White Ceylon

Harvested in 2020 in Lumbini Valley, Sri Lanka.

White Ceylon

Meet our white Ceylon tea from Lumbini Valley

Nestled in the heart of Sri Lanka, Lumbini Valley boasts one of very few natural growing tea regions in the country.
Yes, this does mean it is grown without the use of pesticides and harmful substances.

Offering sweet notes of honeydew melon with slight musky tones in the background, this white tea is refreshing and suitable for afternoon or even evening enjoyment.

Produced in 2020, this premium leaf white Ceylon tea is fresh and light in the cup.
These white tea leaves are high quality, which means you can get 2 cups of tea out of one serving of leaves. Sometimes 3 cups, depending how strong you like your tea!
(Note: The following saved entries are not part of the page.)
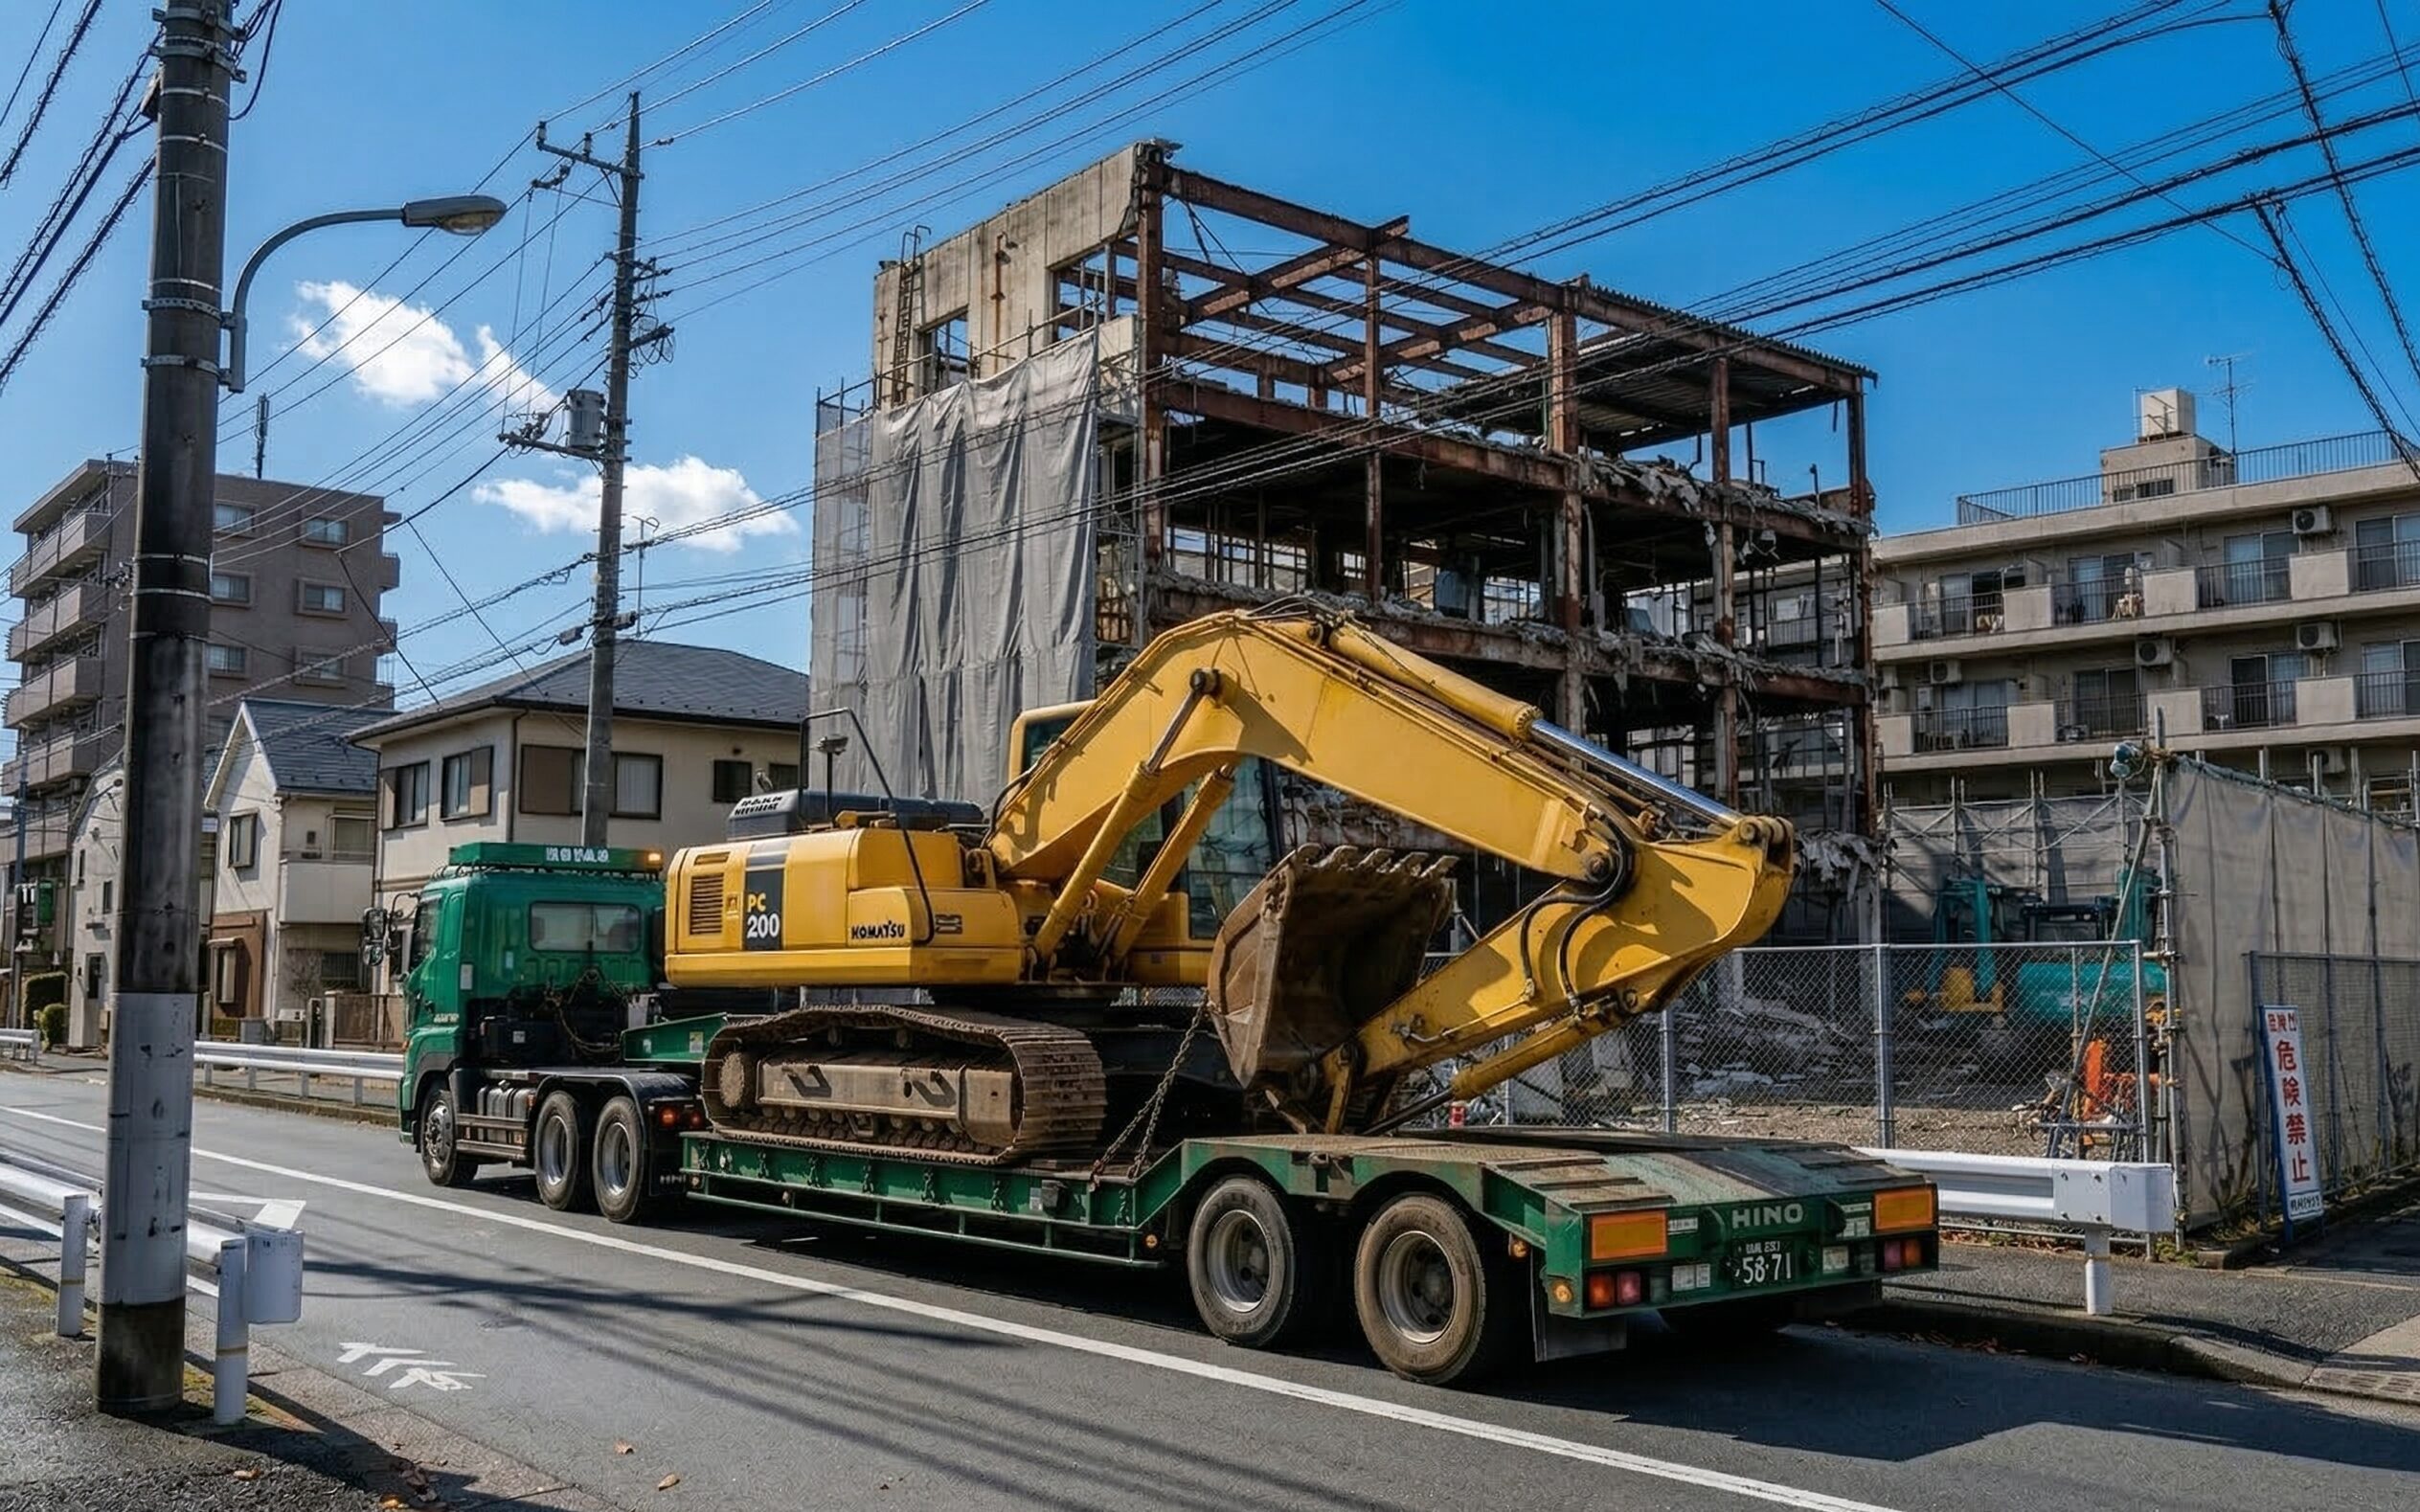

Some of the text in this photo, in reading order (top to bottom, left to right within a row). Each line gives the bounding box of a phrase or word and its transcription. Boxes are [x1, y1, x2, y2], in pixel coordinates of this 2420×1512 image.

[747, 892, 766, 913] PC
[746, 913, 780, 939] 200
[851, 920, 905, 939] KOMATSU
[2275, 1039, 2311, 1184] 危険禁止
[1731, 1203, 1804, 1230] HINO
But what is white Ceylon tea?

This tea is created with a rare variety of Camellia Sinensis plant which produces purple leaves, so is only made in extremely limited quantities.
White tea is the least processed type of tea, undergoing only the processes of picking > withering > drying
As there are minimal processes, a mistake in one aspect can greatly effect the final tea!
The tea masters of Lumbini ensure that everything is carefully monitored so the resulting tea is up to their lofty standards.

So easy to brew, just a single tablespoon per cup. Infusers are an excellent choice here as they offer space for the tea leaves to fully unravel.
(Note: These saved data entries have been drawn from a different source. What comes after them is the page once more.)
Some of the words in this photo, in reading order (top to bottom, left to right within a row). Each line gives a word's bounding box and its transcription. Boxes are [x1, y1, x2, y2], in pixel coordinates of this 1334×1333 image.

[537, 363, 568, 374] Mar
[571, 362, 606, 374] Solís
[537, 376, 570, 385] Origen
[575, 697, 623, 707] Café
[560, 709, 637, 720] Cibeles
Discover the world of Ceylon white tea today, this is truly a tea to spend time savouring.

Why use foil packs?

Our airtight foil lined packs are a great container to store the tea in as it locks in the aromatics within the leaves.
Also keeps out any strong smells which can taint the absorbent tea leaves.

How to prepare this tea?

Western style brewing

Use 1 tablespoon (5g) of leaf to 300ml of water (china tea cup size).
Bring the water to almost boiling (85 degrees)
Then pour over the leaves.
Infuse for approx 2 minutes.
Leaves used this way can be reused at least twice, sometimes three times.
Increase the infusion time by 2 minutes each subsequent infusion.

Gong Fu or Chinese style brewing

Use 5g of leaf to 150ml of water (general gaiwan size).
Bring the water to almost boiling (85 degrees)
Then pour over the leaves, wait 30 seconds and decant your tea.
Leaves use this way can be reused at least 7 times.
Add 20 seconds onto each subsequent infusion

Store in a cool dry place away from sunlight.